Thursday, May 14, 2015

Mary Eliza Mahoney: The First African-American Professional Registered Nurse

From: pbs.org


Mary Eliza Mahoney was the first black professional nurse in America, and an active organizer among African American nurses. She was born in Boston, on May 7, 1845, the oldest of three children. At the age of 18, she decided to pursue a career in nursing, working at the progressive New England Hospital for Women and Children. In 1878, at age 33, she was accepted in that hospital's nursing school, the first professional nursing program in the country. Of the 42 students who started that year, Mahoney was one of just four who graduated the next year. The training required 12 months in the hospital's medical, surgical, and maternity wards, lectures and instruction by doctors on the ward, as well as four months of work as a private-duty nurse.

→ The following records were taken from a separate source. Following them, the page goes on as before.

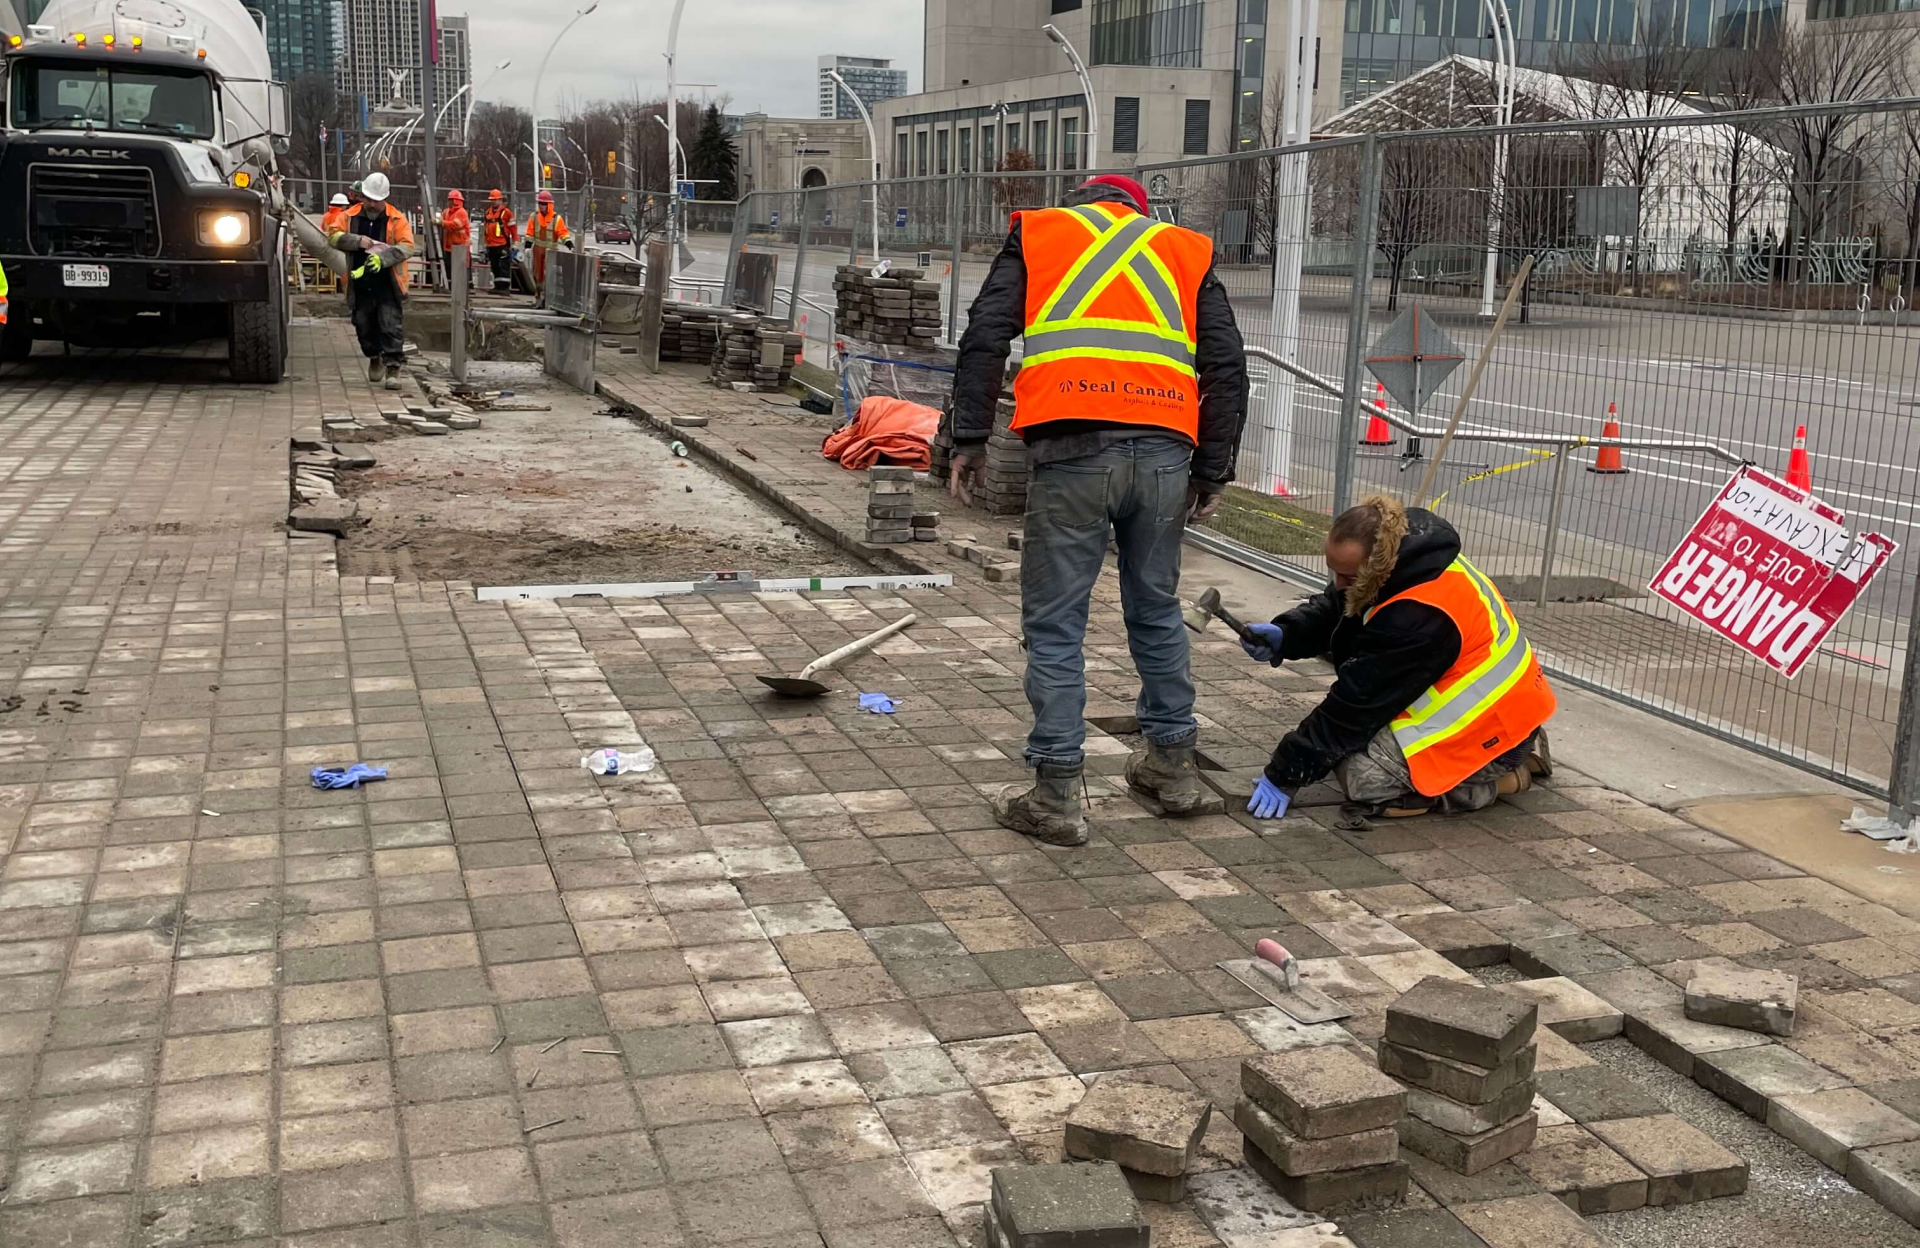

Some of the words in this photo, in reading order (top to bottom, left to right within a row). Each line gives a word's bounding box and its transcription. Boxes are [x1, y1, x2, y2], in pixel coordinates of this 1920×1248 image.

[47, 147, 131, 160] MACK
[1078, 379, 1116, 393] Seal
[1123, 382, 1184, 402] Canada
[1732, 535, 1761, 564] TO
[1757, 550, 1805, 586] DUE
[1662, 541, 1826, 664] DANGER
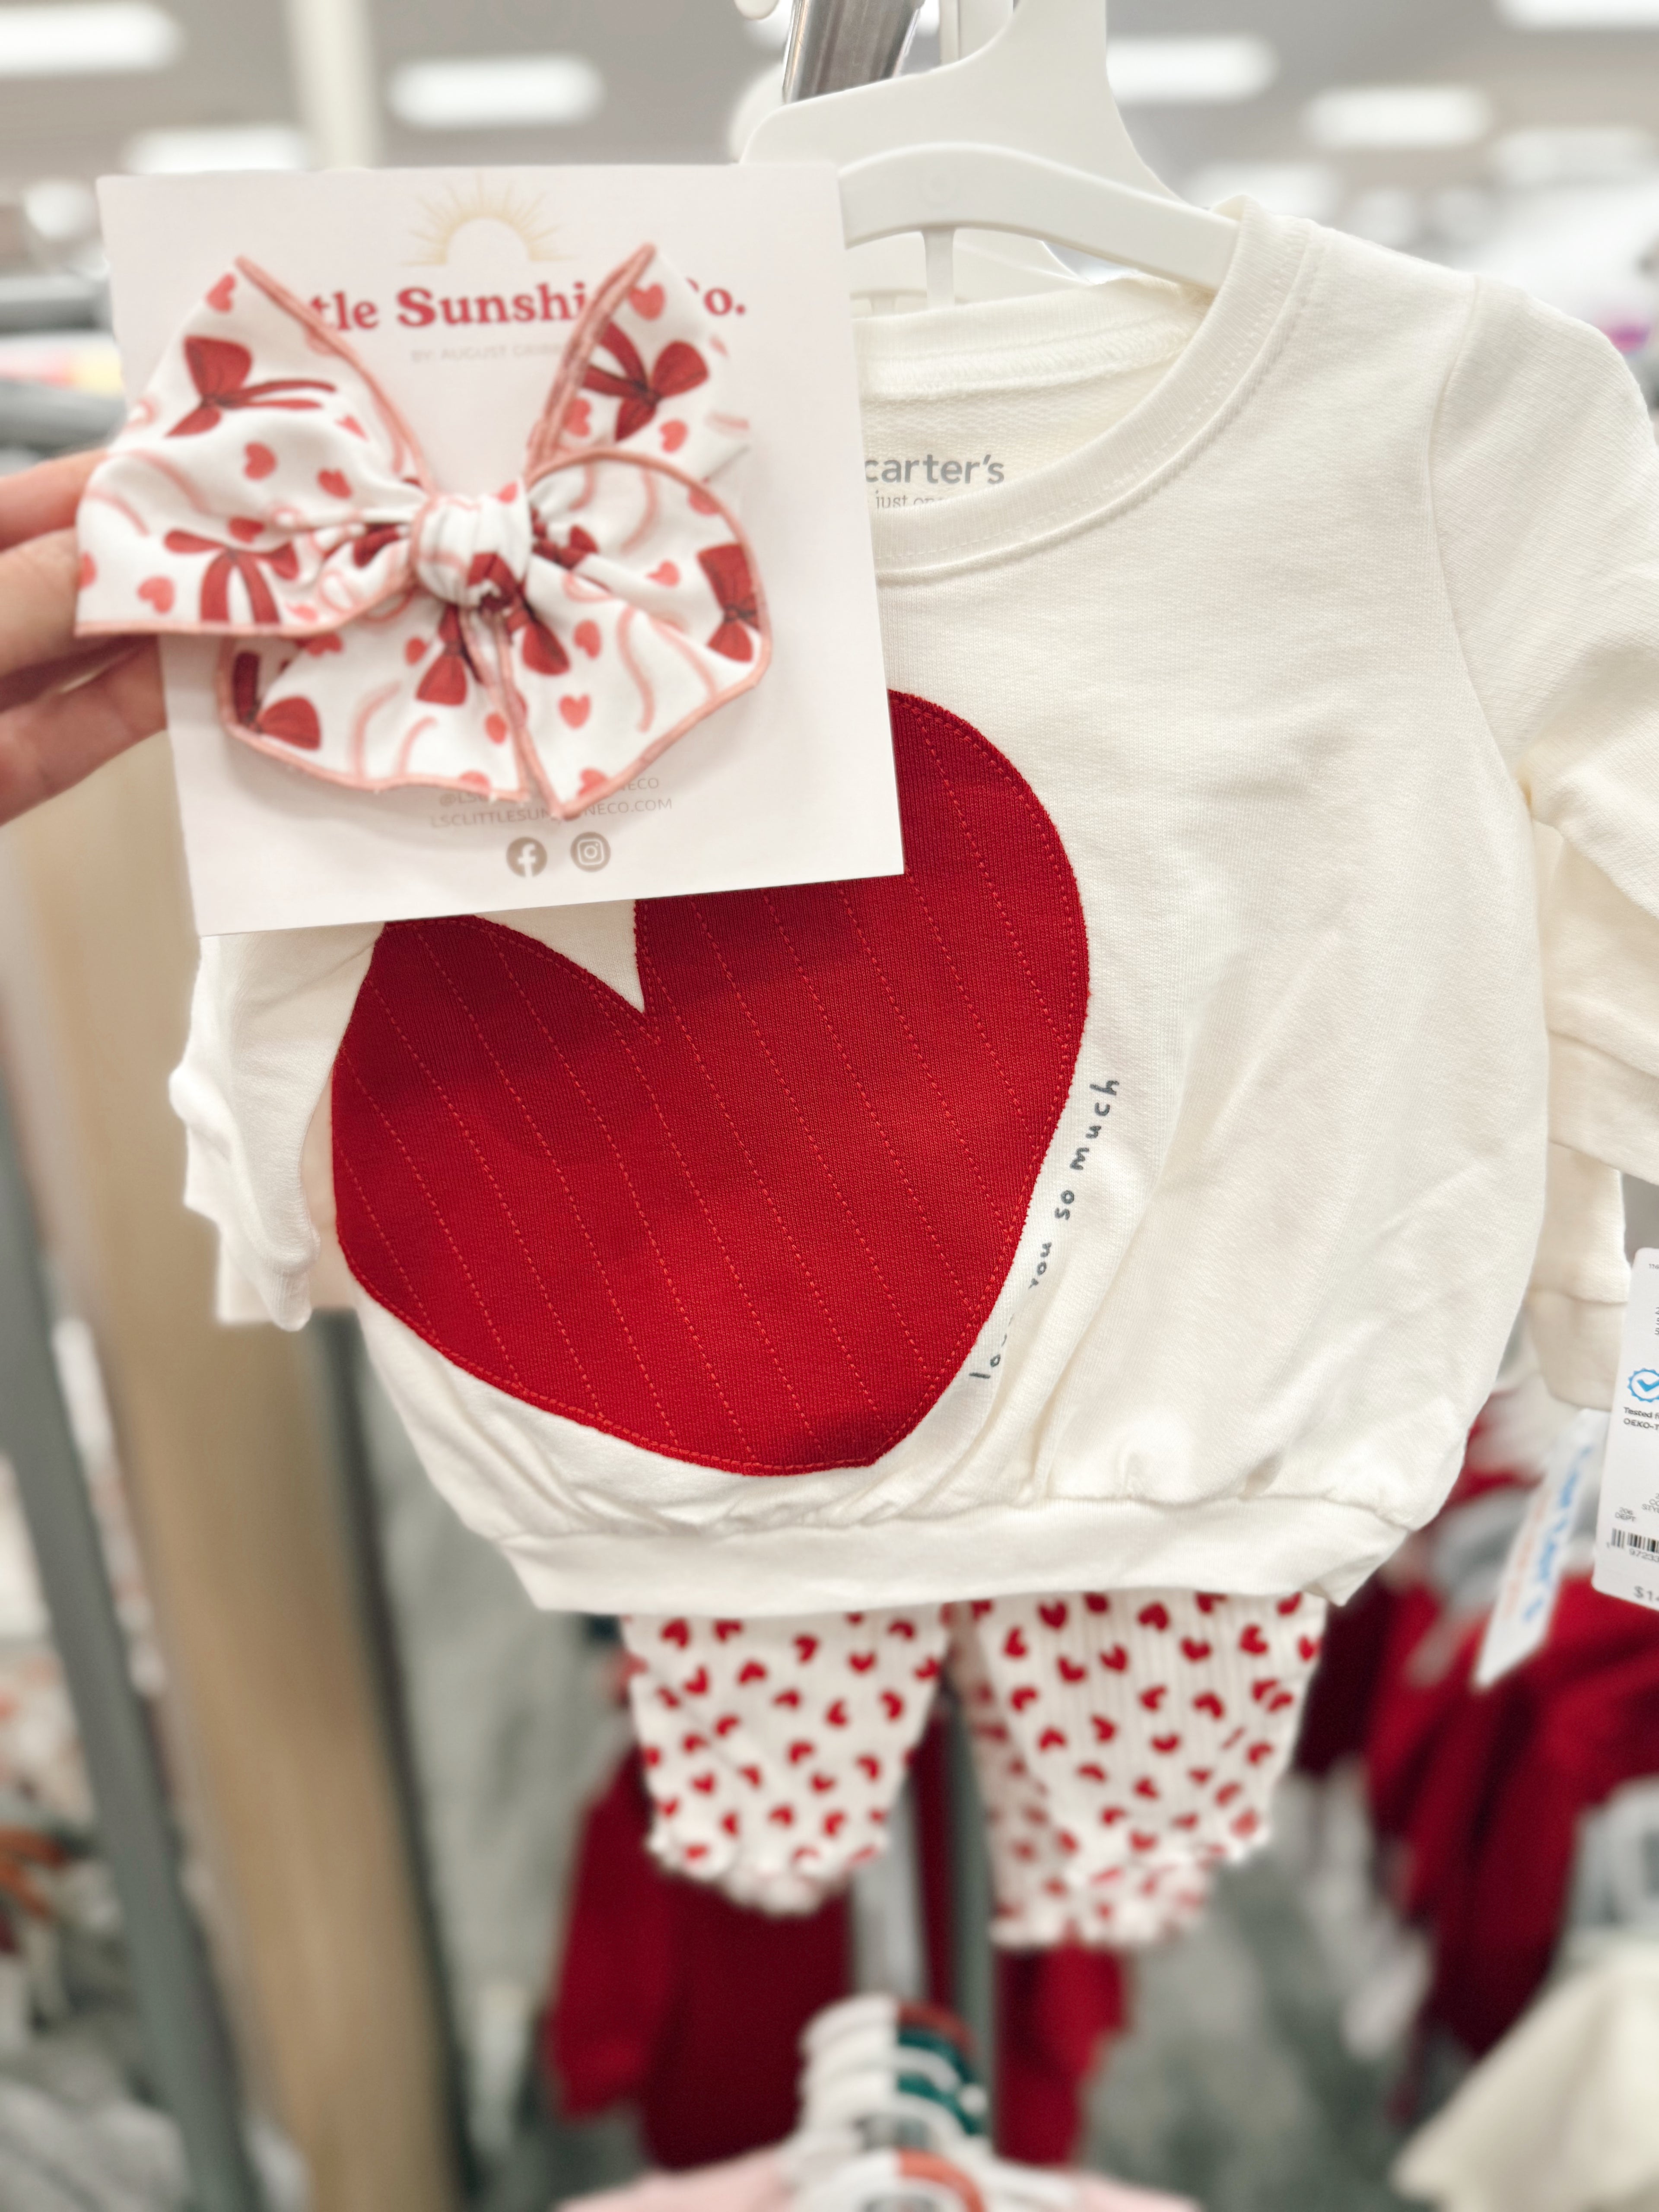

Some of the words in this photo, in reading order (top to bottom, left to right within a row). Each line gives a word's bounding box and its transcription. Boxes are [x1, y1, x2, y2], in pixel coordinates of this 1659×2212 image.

[309, 291, 379, 331] tle
[397, 282, 585, 327] Sunshi
[686, 277, 746, 316] o.
[864, 454, 1005, 484] carter's
[875, 490, 908, 509] just
[431, 798, 672, 828] LSCLITTLESUNNECO.COM
[1055, 1189, 1075, 1220] so
[1070, 1079, 1120, 1170] much
[1624, 1407, 1653, 1418] Tested
[1615, 1512, 1636, 1521] DEPT
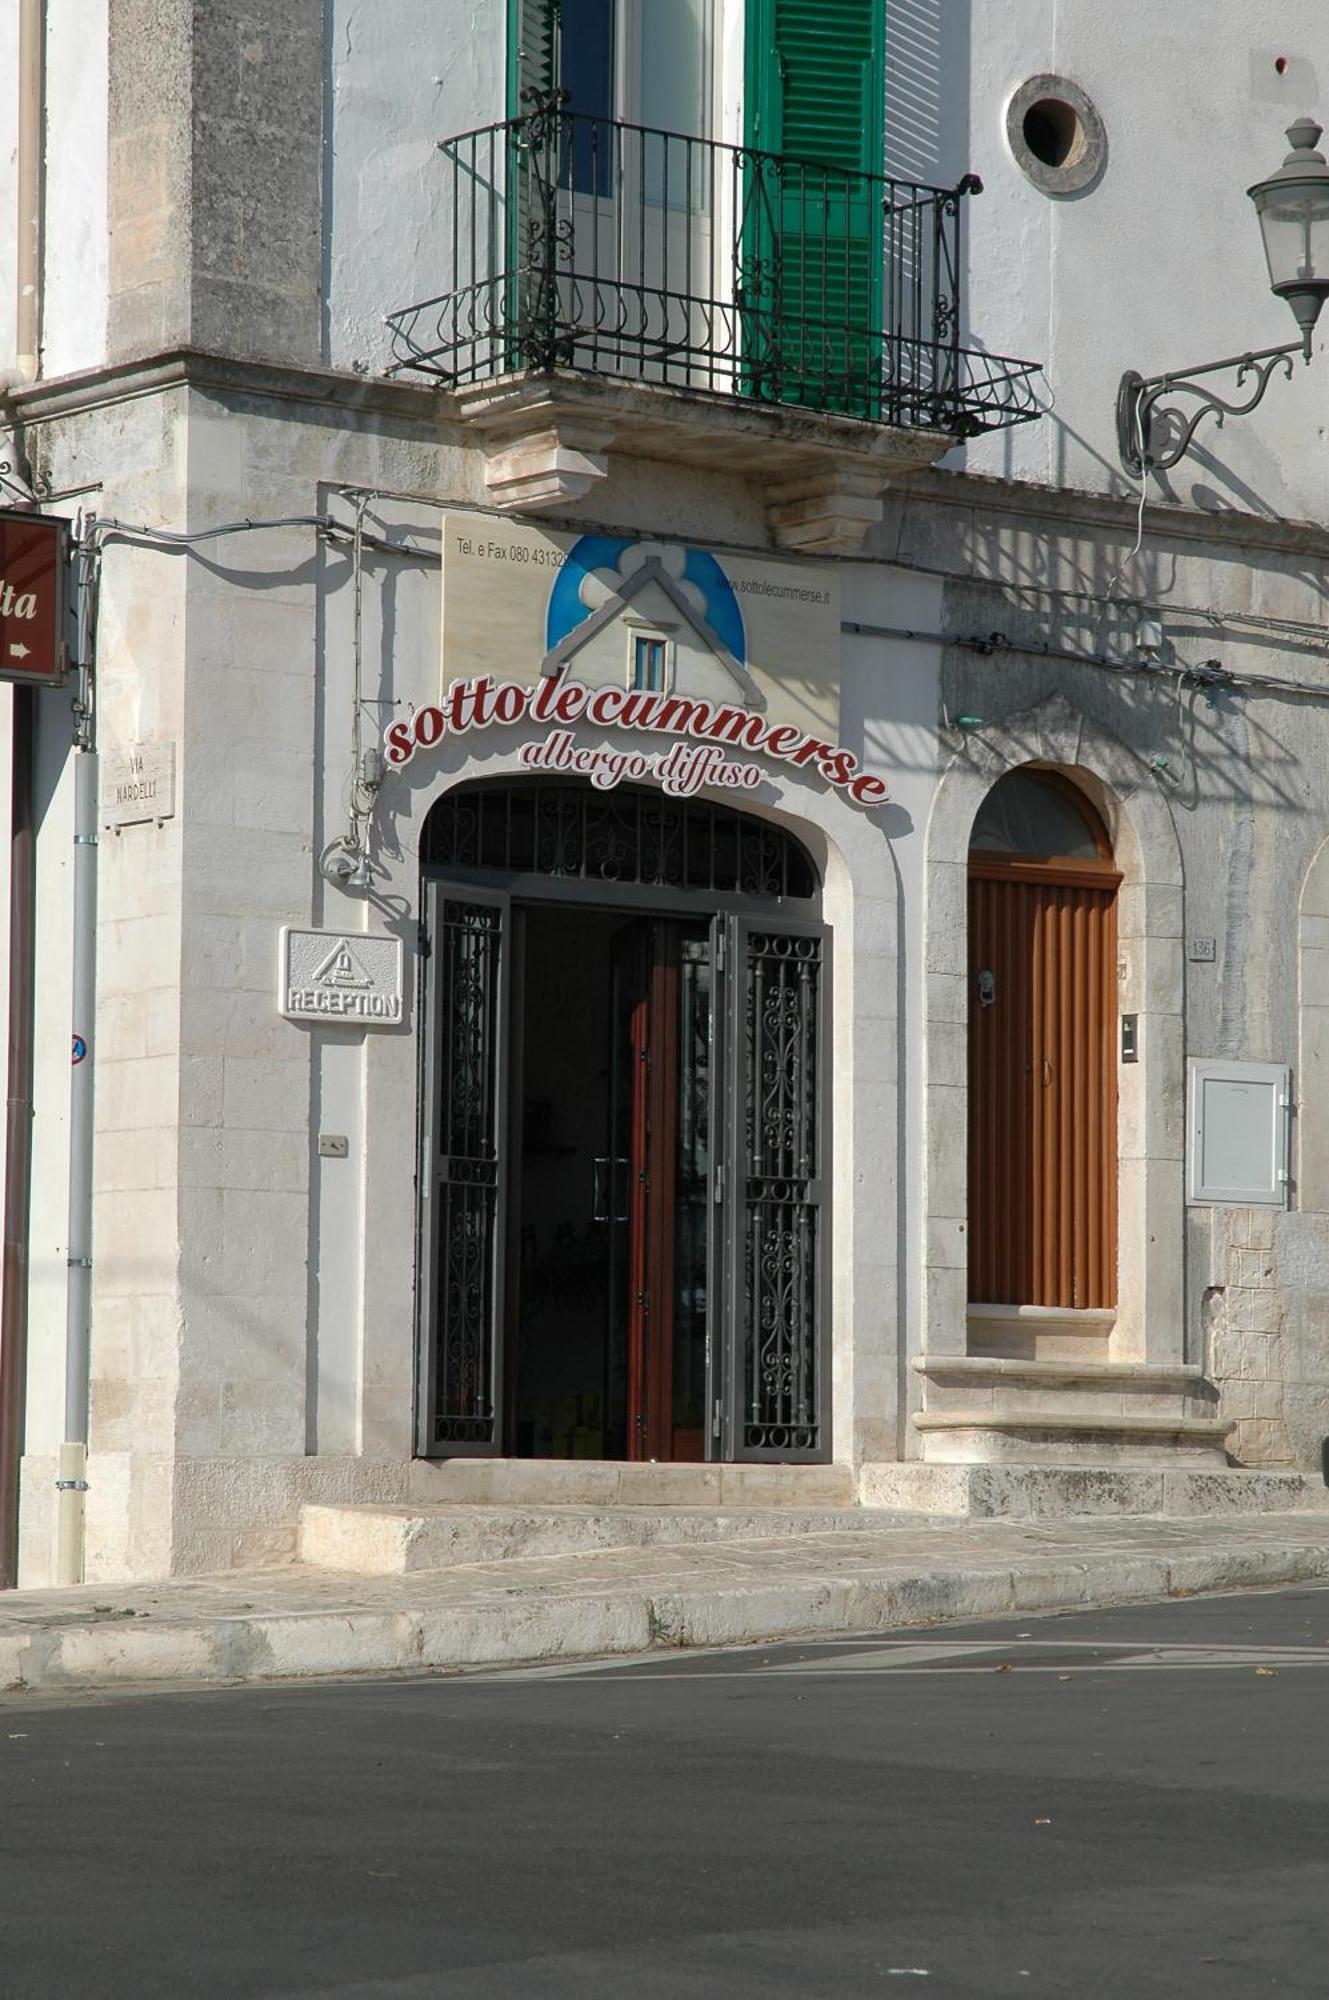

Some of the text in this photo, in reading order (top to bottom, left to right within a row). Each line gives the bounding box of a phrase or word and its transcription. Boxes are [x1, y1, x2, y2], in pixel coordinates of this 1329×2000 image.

[457, 537, 475, 555] Tel.
[478, 543, 485, 557] e
[488, 542, 507, 560] Fax
[510, 545, 529, 563] 080
[129, 757, 144, 774] VIA
[522, 731, 761, 794] albergo diffuso
[288, 988, 400, 1018] RECEPTION

After graduation, Mahoney registered for work as a private-duty nurse. Families that employed Mahoney praised her calm and quiet efficiency. Her professionalism helped raise the status of all nurses. At a time when nurses were often assigned domestic chores as well as nursing duties, she refused to take her meals with household staff. As he reputation spread, Mahoney received requests from patients as far away as New Jersey, Washington, D.C., and North Carolina.

Mahoney was one of the first black members of the organization that later became the American Nurses Association (A.N.A.). When that later organization proved slow to admit black nurses, Mahoney strongly supported the establishment of the National Association of Colored Graduate Nurses (N.A.C.G.N.), and delivered the welcome address at that organization's first annual convention, in 1909. In that speech, Mahoney recognized the inequalities in nursing education and called for a demonstration at the New England Hospital to have more African American students admitted. The conference members responded by electing her to be association chaplain and giving her a lifetime membership.

For over a decade after that, Mahoney helped recruit nurses to joint the organization. In 1911 she took the helm at the Howard Orphan Asylum in New York, and served there for over a year.

Mahoney was deeply concerned with women's equality and a strong supporter of the movement to gain women the right to vote. When that movement succeeded with the passage of the Nineteenth Amendment in 1920, she was among the first women in Boston to register to vote -- at the age of 76.

Mahoney contracted breast cancer in 1923 and died in 1926. Her grave in Everett, Massachusetts, is the site of national pilgrimages. In 1936, the N.A.C.G.N. established an award in her honor (later continued by the A.N.A.) to raise the status of black nurses. She was inducted into the A.N.A.'s Hall of Fame in 1976.

The effort for equality that Mahoney launched continued. From about 2,400 in 1910, the number of African American women in nursing had more than doubled by 1930, four years after Mahoney's death.